Wahai fulan di tepian langit
senja, dapatkah kau dengar bisik rinduku? Dapatkah kau rasakan setiaku? Dalam
diam mencintai dan mengagumi fitrah mu. Tak menuntutmu tuk menyanjung setia ku.
Wahai fulan, barisan doa dan
untaian sapa selalu terucap dari lisanku untuk mu. Jika Tuhan berkenan
mengabulkan pintaku, jika takdirku adalah dirimu. Masihkah kau acuh pada ku?

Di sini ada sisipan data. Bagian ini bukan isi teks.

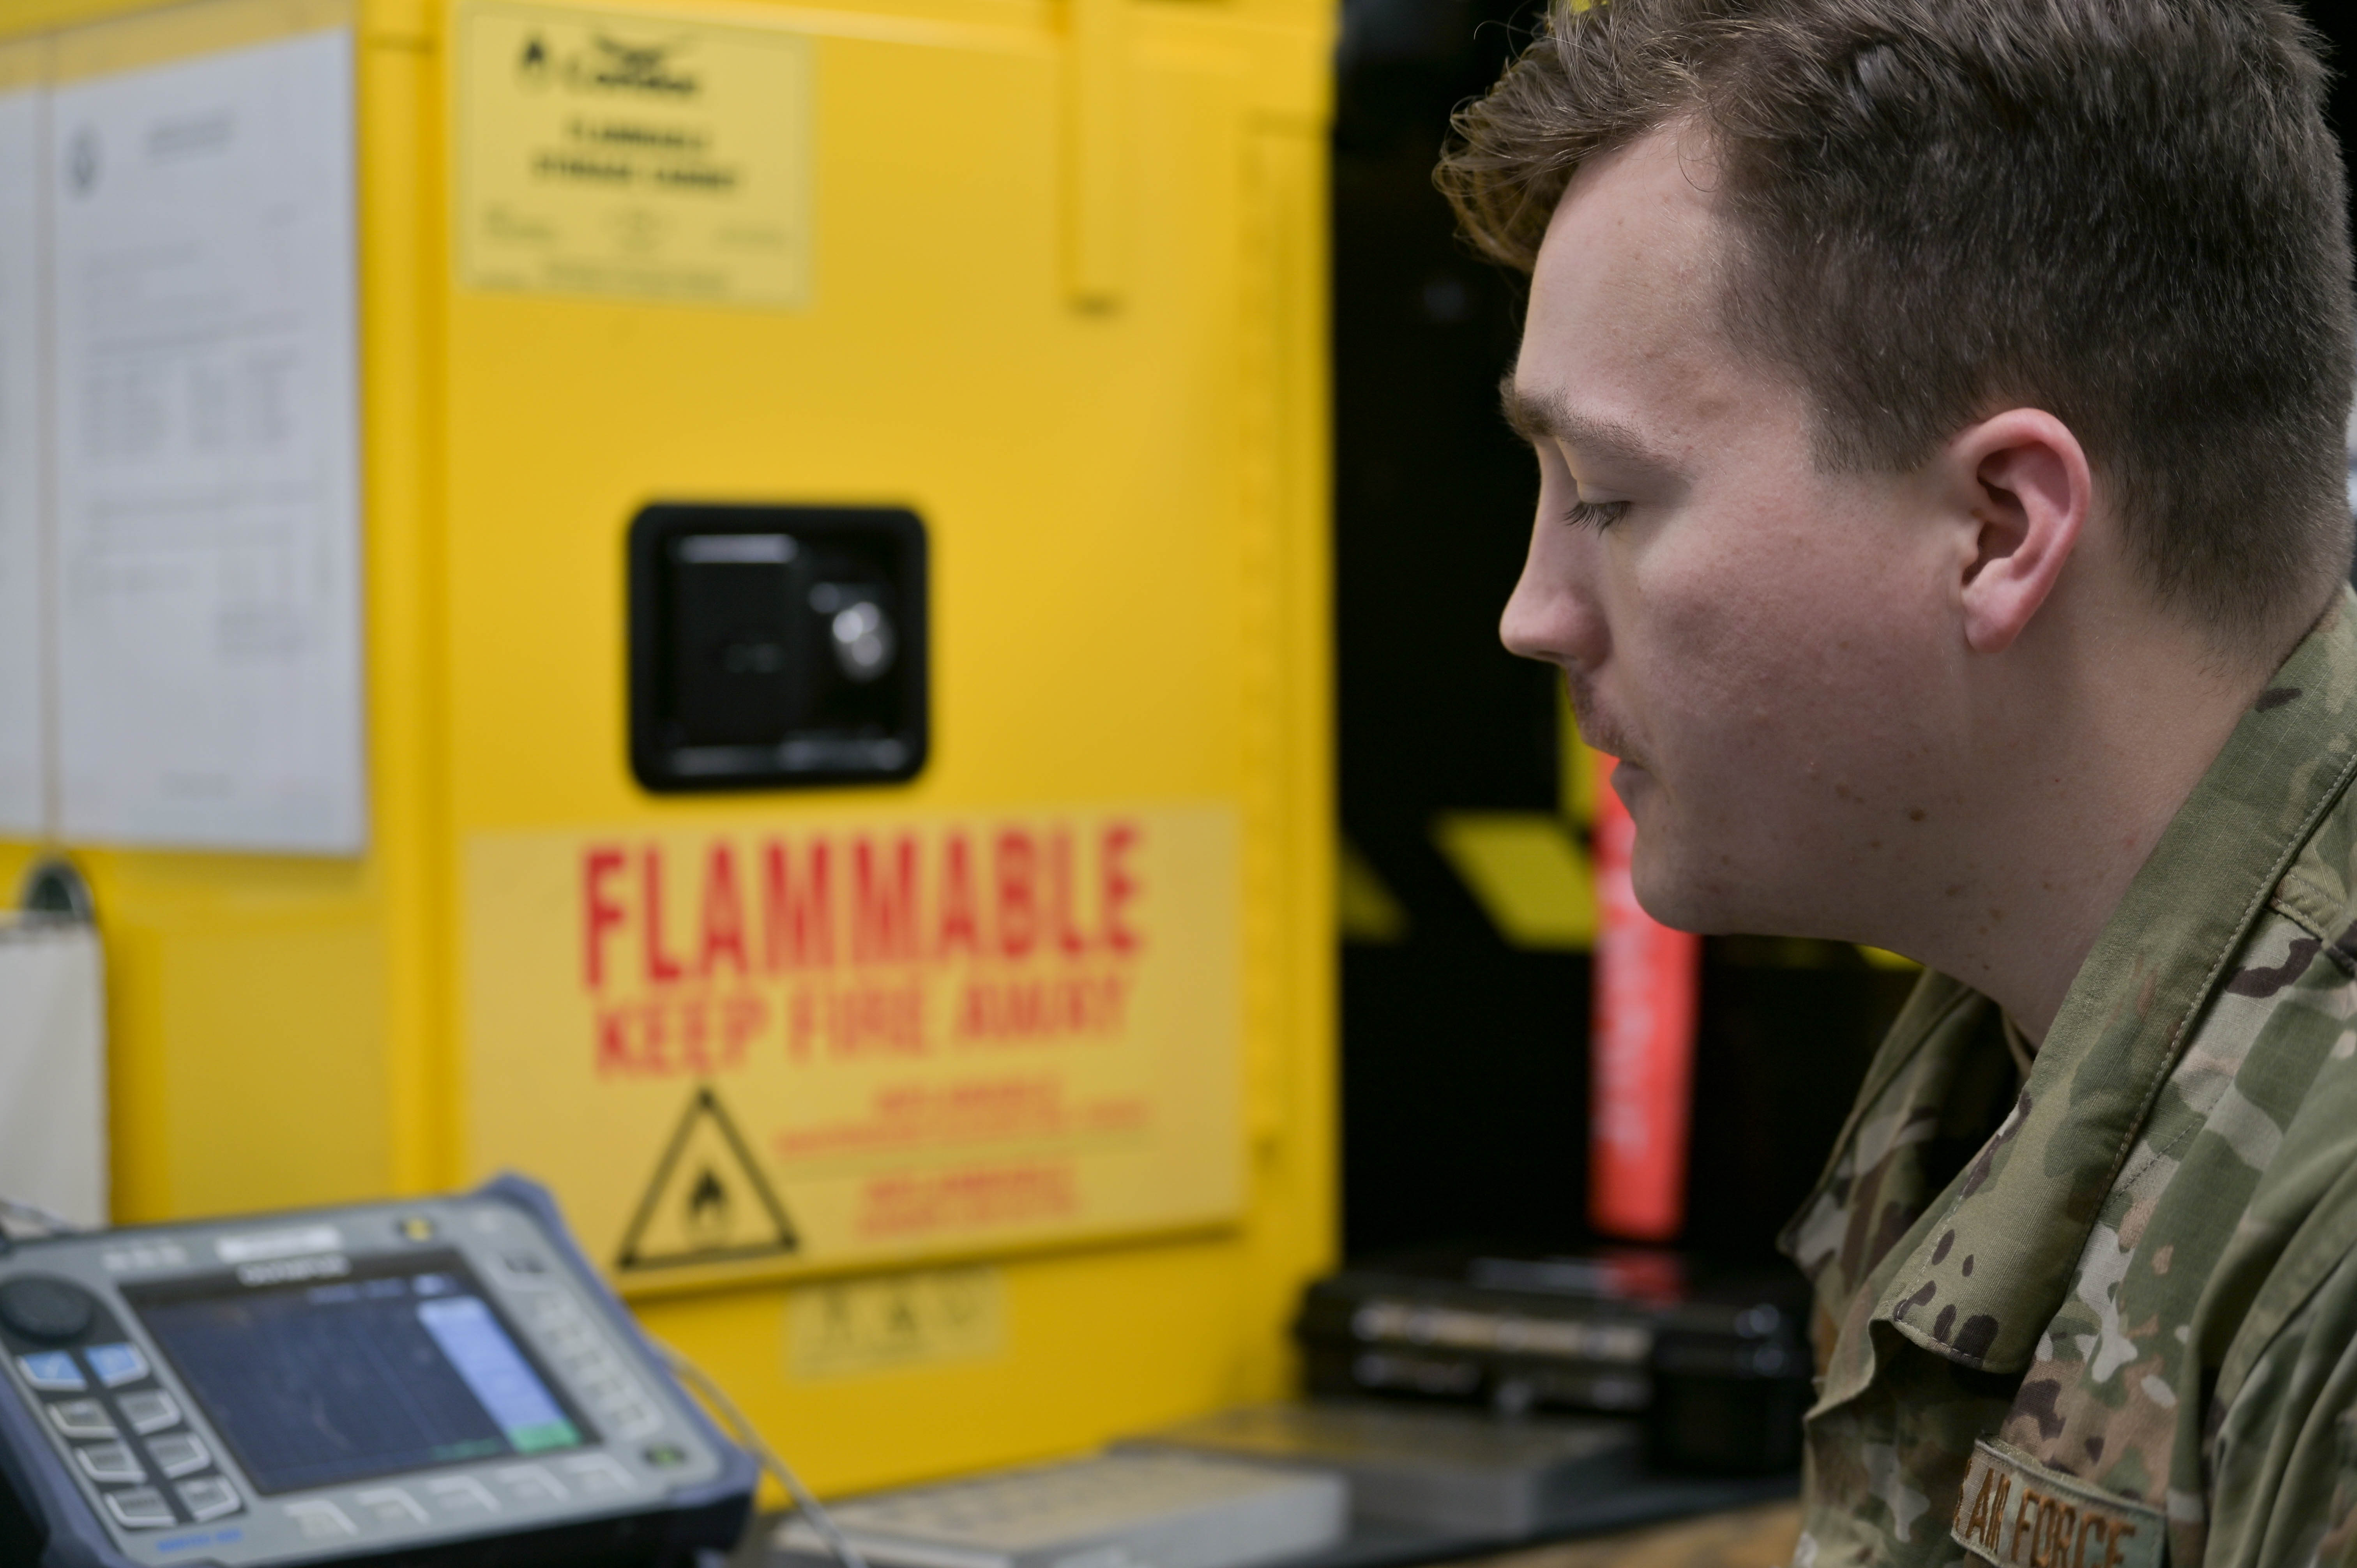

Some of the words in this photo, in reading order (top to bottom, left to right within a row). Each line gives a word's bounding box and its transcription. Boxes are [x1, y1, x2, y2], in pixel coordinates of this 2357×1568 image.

[581, 821, 1143, 991] FLAMMABLE
[595, 994, 772, 1076] KEEP
[789, 984, 929, 1061] FIRE
[955, 974, 1126, 1042] AWAY
[1966, 1467, 2011, 1556] AIR
[2011, 1488, 2136, 1568] FORCE
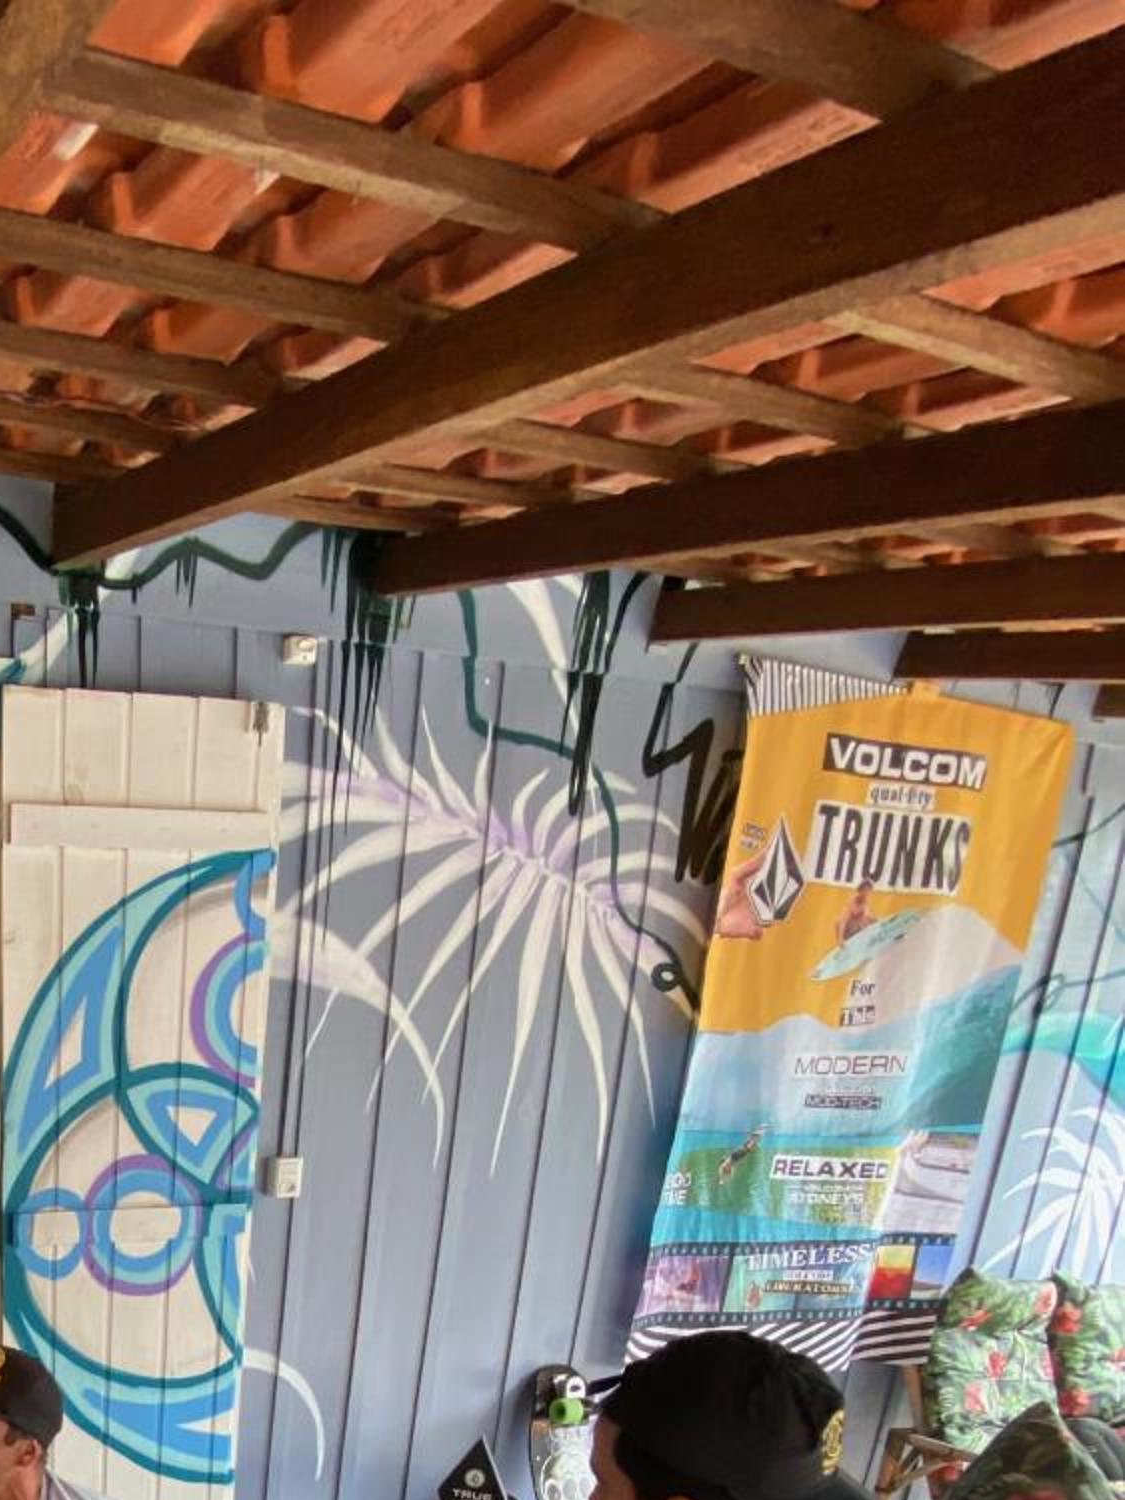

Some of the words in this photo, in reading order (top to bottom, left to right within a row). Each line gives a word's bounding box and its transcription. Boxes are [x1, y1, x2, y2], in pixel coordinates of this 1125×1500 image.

Aku terpaku menghayalkanmu,
tenggelam dalam imajinasiku, seungguh cinta ini tak dapat dimengerti. Semerbak
mawar memenuhi taman gersang, kau sirami hati ini dengan sesuatu yang tak dapat
ku pahami.
Mungkinkah bagiku tuk selalu
melihat senyummu? Senyum sederhana yang selalu ku tunggu. Wahai fulan, kau tak
perlu mempertanyakan kesetiaan. Aku hanya menyisipkan satu nama untuk menjaga
relung hatiku, ialah kamu.
Bila tiba saatnya takdir
berbicara, bila saatnya kita tak mungkin bersama, aku masihkan tetap setia
menjaganya dalam doa. Cukuplah kini kau dan aku tak saling mengerti apa yang
dibicarakan hati.
Wahai fulan, lihatlah mentari
yang tak selamanya bertahta di langit Timur. Namun bukan berarti ia terus
pergi. Wahai fulan, bukankah bintang tak selamanya terang?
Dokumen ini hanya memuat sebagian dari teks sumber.